Actionable comments posted: 1
Caution
Some comments are outside the diff and can’t be posted inline due to platform limitations.
⚠️ Outside diff range comments (2)
pkg/controller/istiocsr/install_istiocsr.go (1)
55-58:⚠️ Potential issue | 🟠 MajorThread the request context through the final update.
The
ctxparameter is accepted at line 12, but the finalUpdateWithRetryat line 56 still usesr.ctx. This drops the controller-runtime deadline and cancellation for the last write, negating the benefit of accepting a request-scoped context.Proposed fix
- if err := r.UpdateWithRetry(r.ctx, istiocsr); err != nil { + if err := r.UpdateWithRetry(ctx, istiocsr); err != nil {🤖 Prompt for AI Agents
Verify each finding against the current code and only fix it if needed. In `@pkg/controller/istiocsr/install_istiocsr.go` around lines 55 - 58, The final UpdateWithRetry call is using the controller's background context (r.ctx) instead of the request-scoped ctx parameter, losing deadline/cancellation; change the call to use the passed-in ctx (i.e., call r.UpdateWithRetry(ctx, istiocsr) when addProcessedAnnotation(istiocsr) triggers) so the update honors the request context while keeping the same error wrapping and message.test/e2e/utils_test.go (1)
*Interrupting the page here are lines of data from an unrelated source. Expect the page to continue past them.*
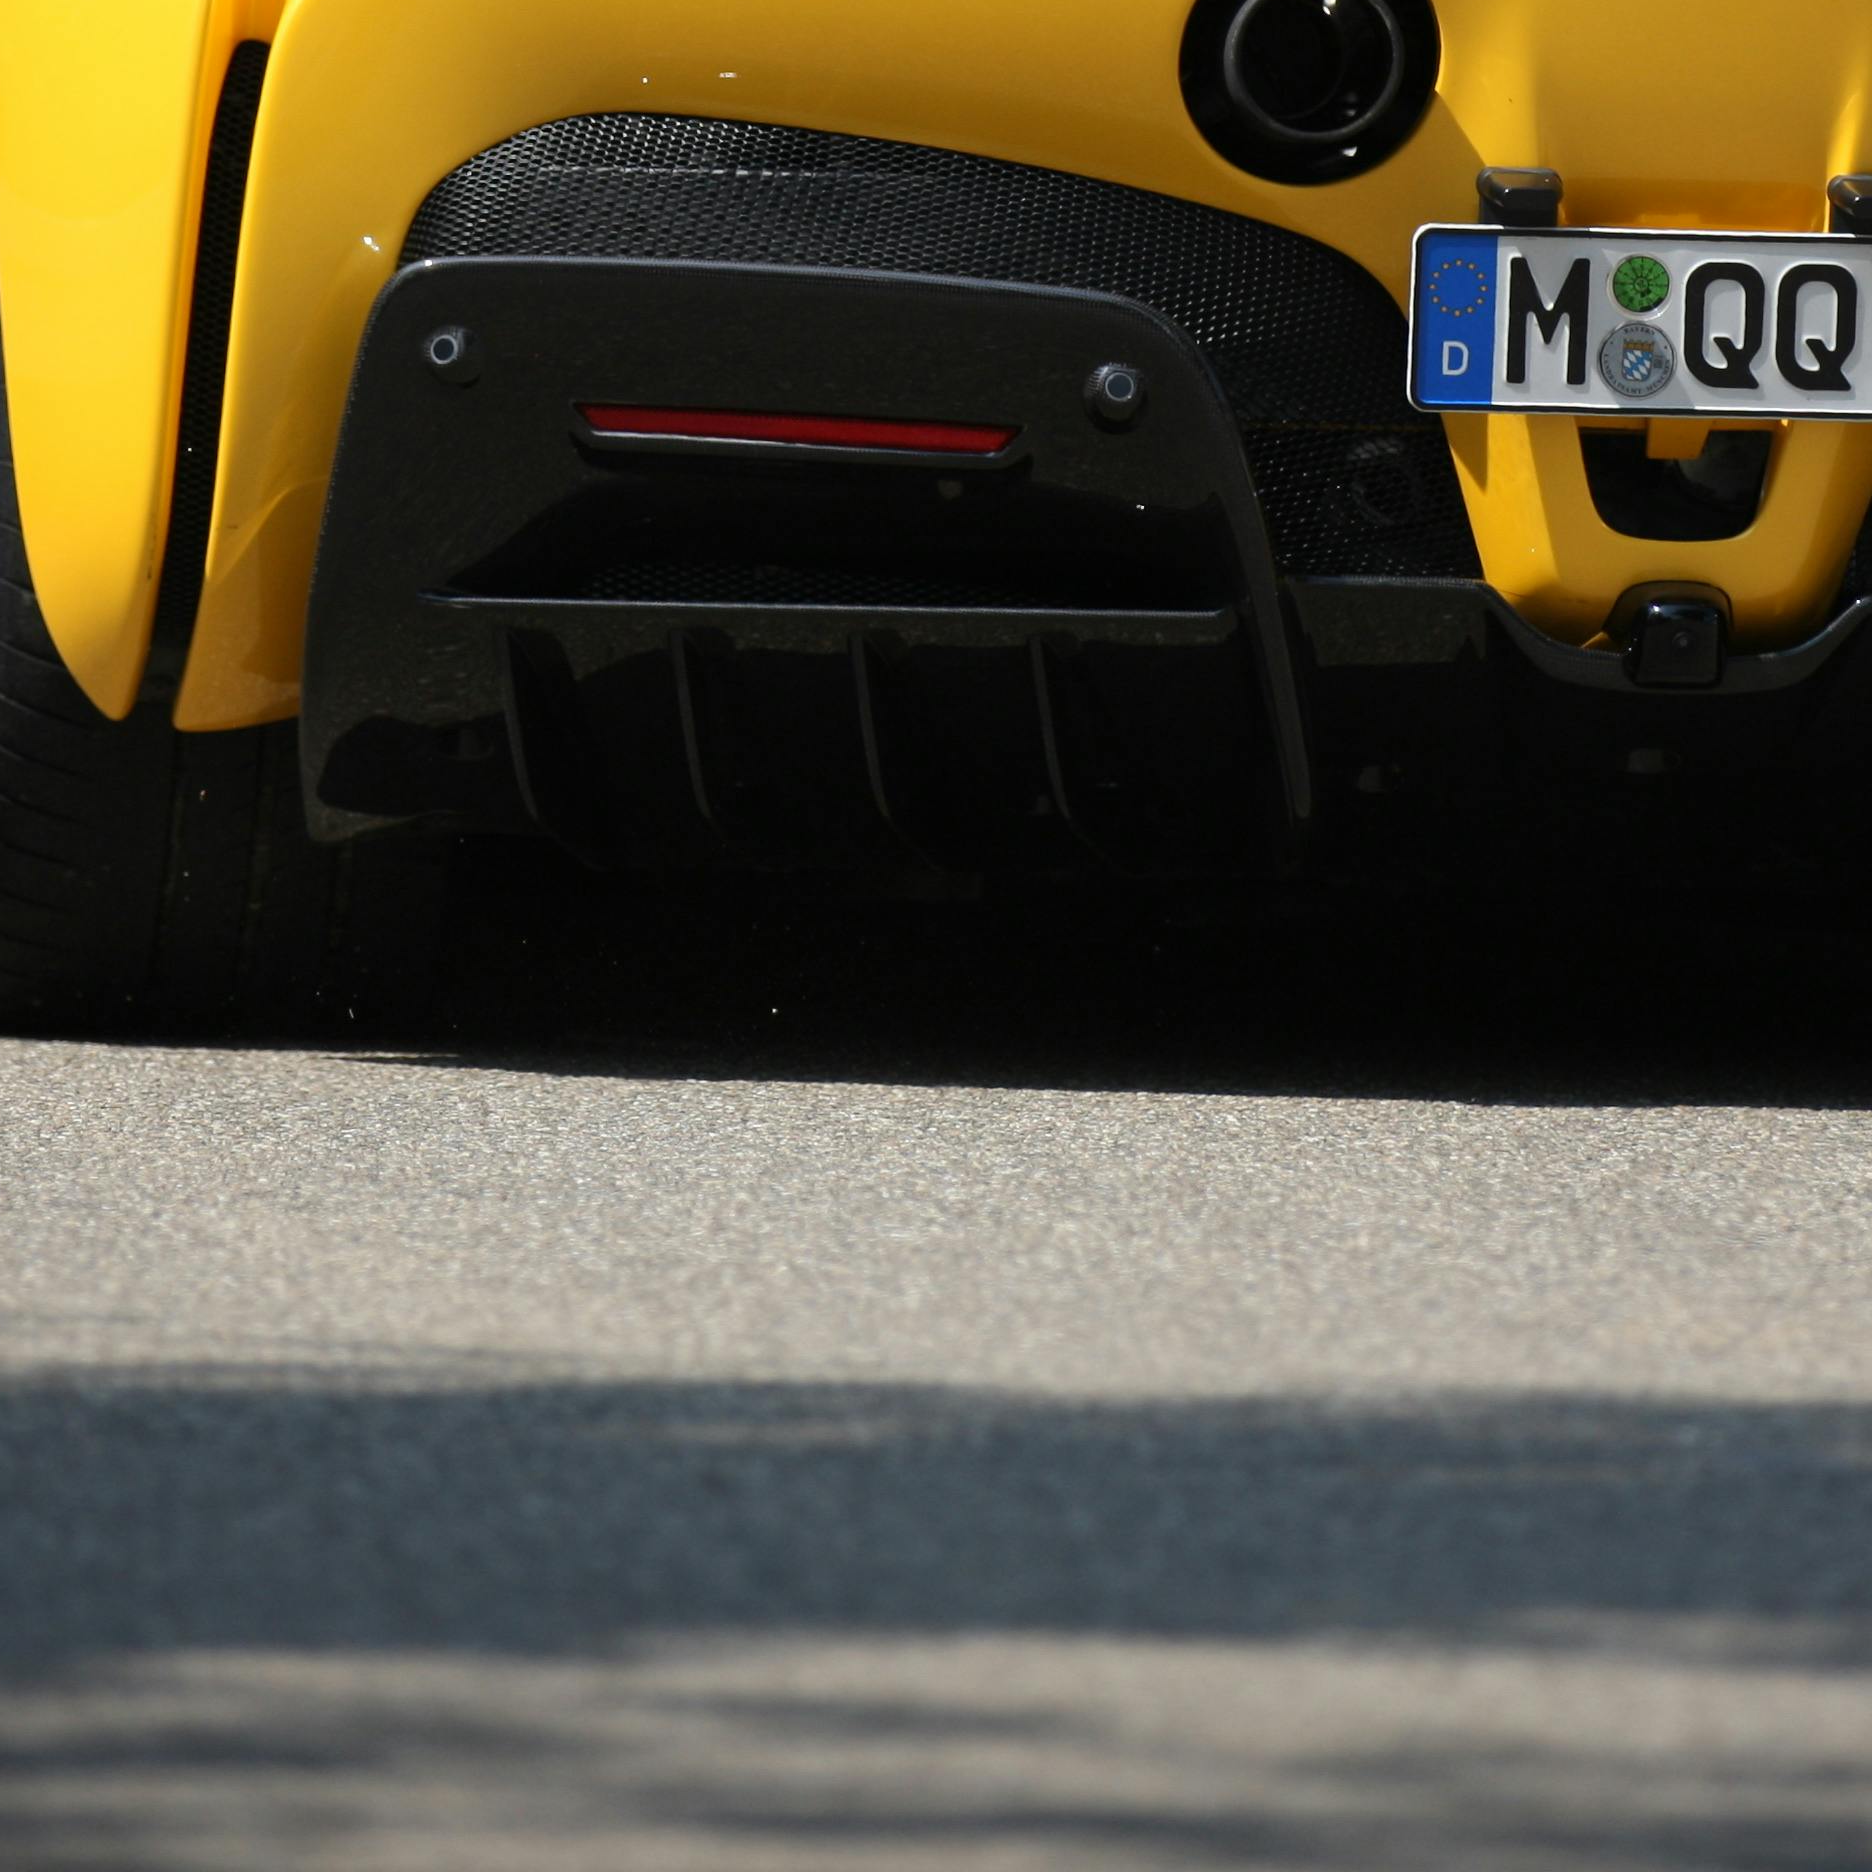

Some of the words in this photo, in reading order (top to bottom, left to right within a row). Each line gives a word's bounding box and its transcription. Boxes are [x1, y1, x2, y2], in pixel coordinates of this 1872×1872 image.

[1441, 340, 1470, 377] D
[1506, 257, 1591, 385] M
[1684, 261, 1858, 392] QQ
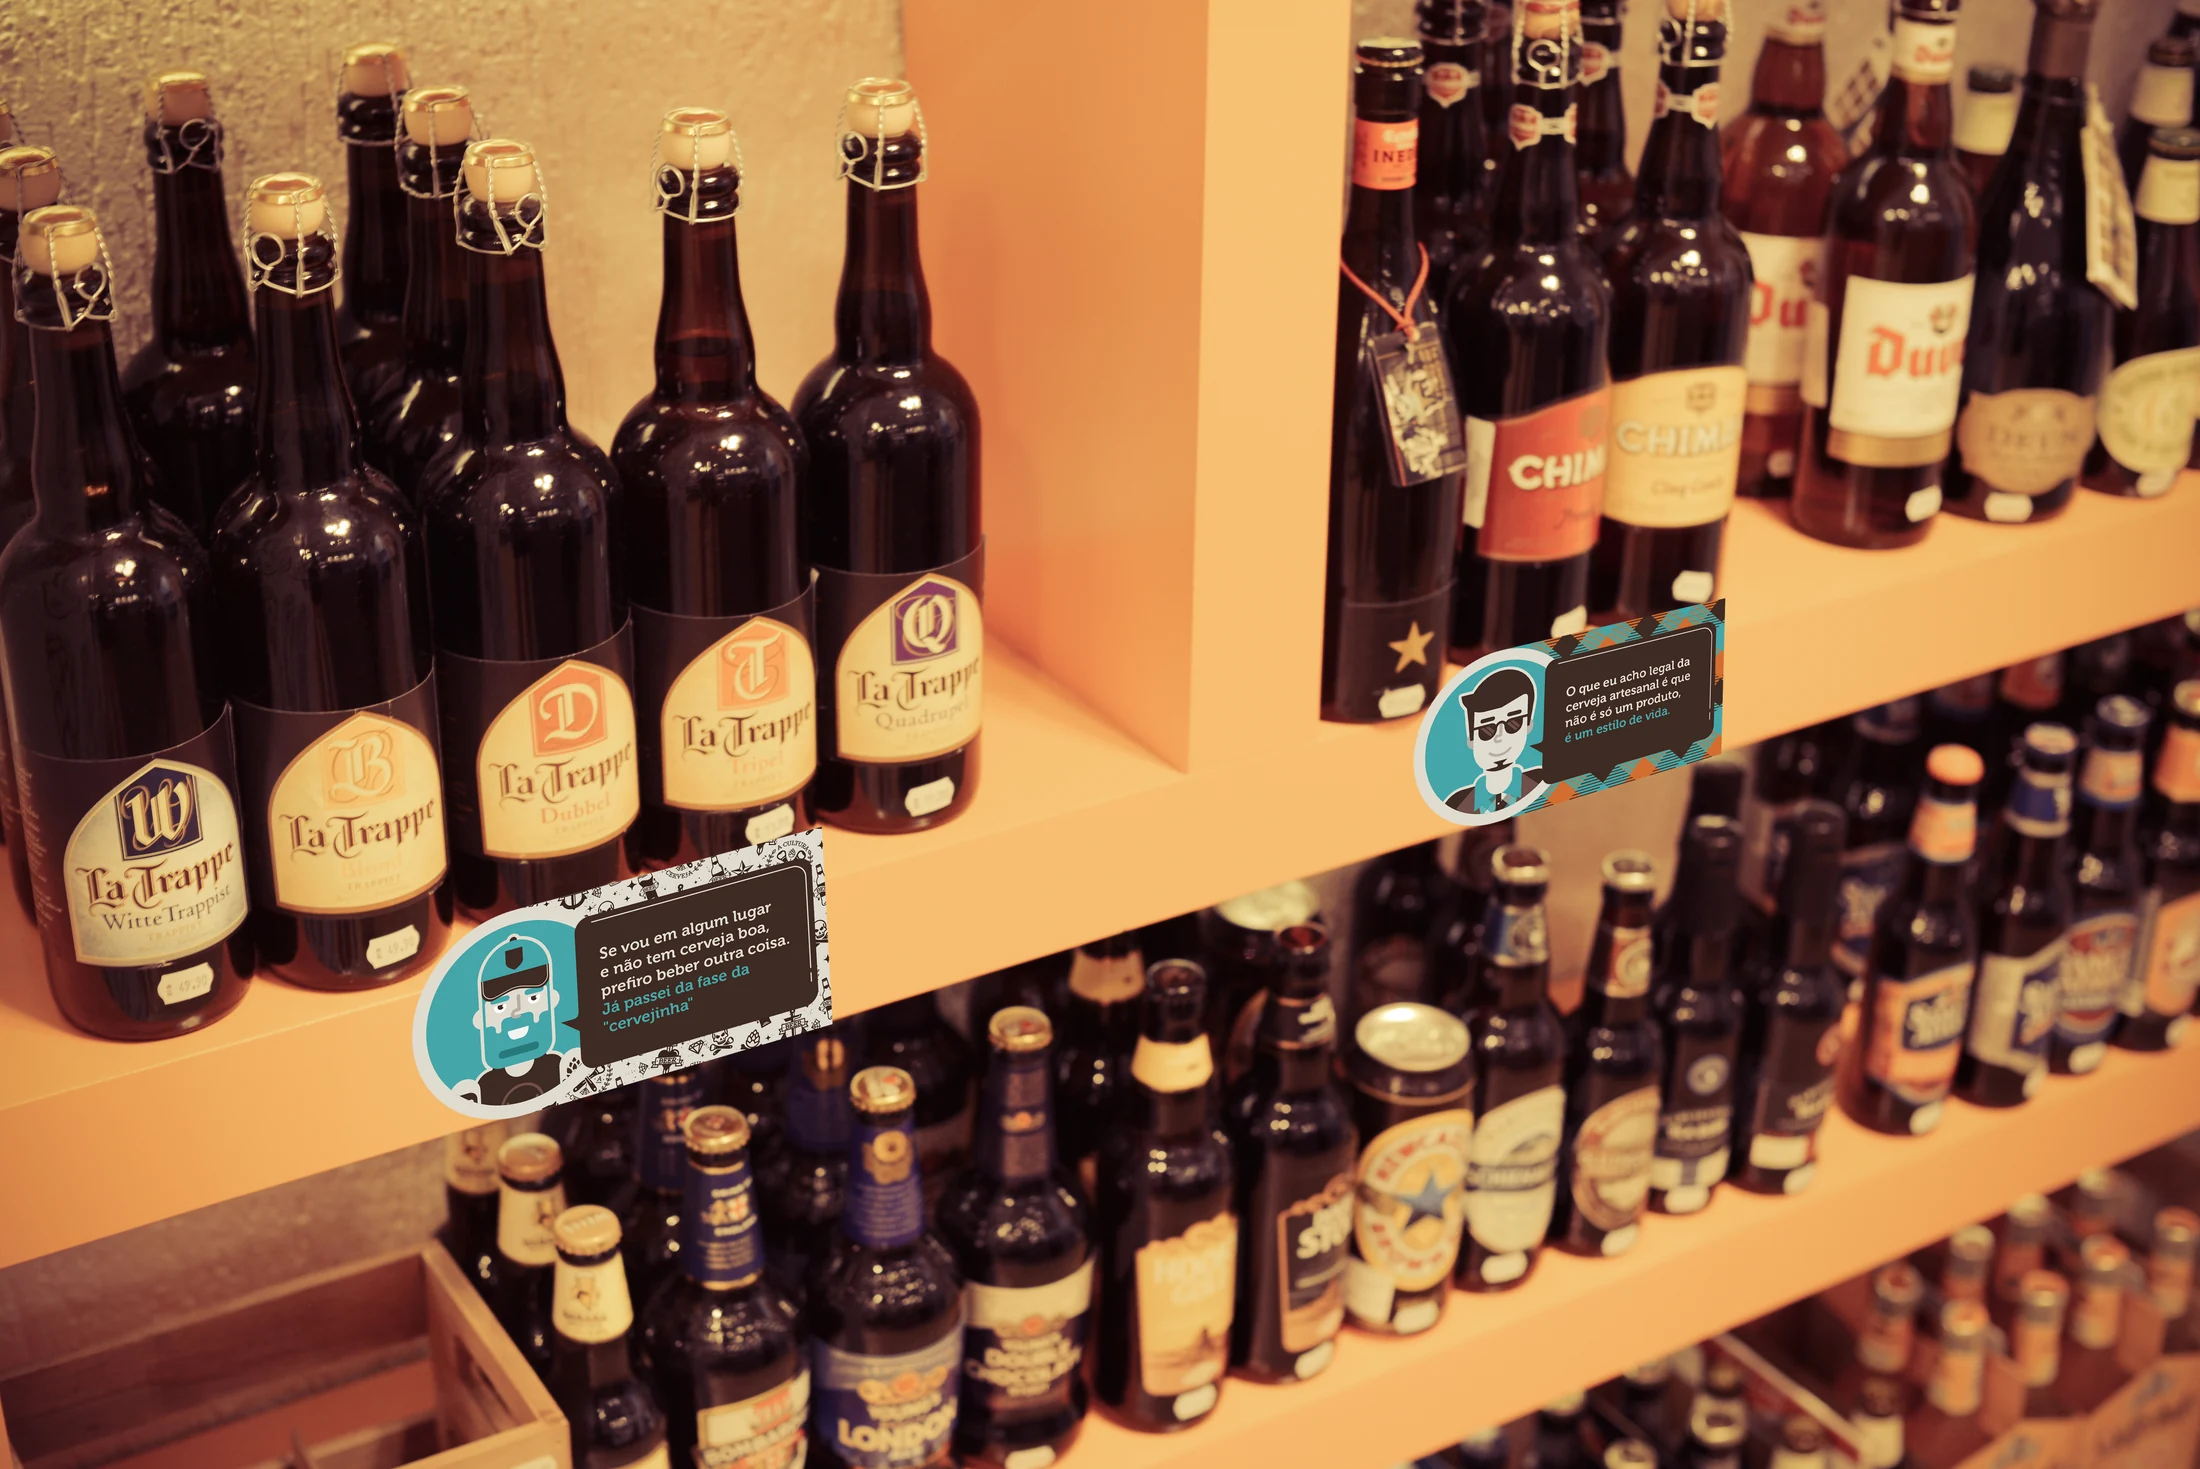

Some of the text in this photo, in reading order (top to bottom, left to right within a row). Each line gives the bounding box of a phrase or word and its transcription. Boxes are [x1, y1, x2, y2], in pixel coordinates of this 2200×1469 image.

[847, 656, 981, 709] La Trappe
[1565, 672, 1691, 713] cerveja artesanal é que
[1566, 657, 1691, 697] O que eu acho legal da
[673, 700, 811, 757] La Trappe
[875, 698, 970, 732] Quadrupel
[1564, 690, 1682, 728] não é só um produto,
[1564, 707, 1671, 743] é um estilo de vida.
[488, 741, 633, 804] La Trappe
[730, 750, 785, 776] Tripel
[279, 796, 435, 860] La Trappe
[540, 791, 611, 825] Dubbel
[783, 840, 809, 852] CULTURA
[74, 840, 235, 918] La Trappe
[665, 870, 694, 880] CERVEJA
[102, 884, 232, 931] Witte Trappist
[599, 903, 772, 960] Se vou em algum lugar
[600, 923, 770, 978] e não tem cerveja boa,
[601, 936, 790, 1000] prefiro beber outra coisa.
[602, 964, 750, 1016] Já passei da fase da
[603, 997, 693, 1032] "cervejinha"
[659, 1056, 677, 1065] BEER
1567-1574:⚠️ Potential issue | 🟡 MinorPropagate the context into the HTTP request too.
Right now
ctxis only used for the APIServer lookup. The actual GET can keep running past the polling context, which makes cancellation less predictable.🔧 Proposed fix
- req, err := http.NewRequest("GET", url, nil) + req, err := http.NewRequestWithContext(ctx, http.MethodGet, url, nil)🤖 Prompt for AI Agents
Verify each finding against the current code and only fix it if needed. In `@test/e2e/utils_test.go` around lines 1567 - 1574, The HTTP request needs to carry the test context so cancellation propagates: replace http.NewRequest("GET", url, nil) with creating the request with ctx (use http.NewRequestWithContext or attach ctx via req.WithContext(ctx)) before calling client.Do(req) so the polling context used for APIServer lookup also cancels the actual GET; ensure the same error handling around request creation remains and pass that context-aware req into client.Do.
🤖 Prompt for all review comments with AI agents
Verify each finding against the current code and only fix it if needed.
Inline comments:
In `@pkg/tlsprofile/tlsprofile.go`:
- Around line 38-41: The current default branch silently returns the
Intermediate profile (using
configv1.TLSProfiles[configv1.TLSProfileIntermediateType]) for unknown
TLSSecurityProfile.Type values, which can mask misconfiguration; instead, in the
function handling TLSSecurityProfile.Type (referencing TLSSecurityProfile.Type,
configv1.TLSProfiles and configv1.TLSProfileIntermediateType), validate the
incoming Type and return a clear error (or an explicit validation error) when
the Type is unrecognized rather than falling back silently—include the unknown
Type value in the error message so callers can detect and handle
invalid/misconfigured TLS profile types.
---
Outside diff comments:
In `@pkg/controller/istiocsr/install_istiocsr.go`:
- Around line 55-58: The final UpdateWithRetry call is using the controller's
background context (r.ctx) instead of the request-scoped ctx parameter, losing
deadline/cancellation; change the call to use the passed-in ctx (i.e., call
r.UpdateWithRetry(ctx, istiocsr) when addProcessedAnnotation(istiocsr) triggers)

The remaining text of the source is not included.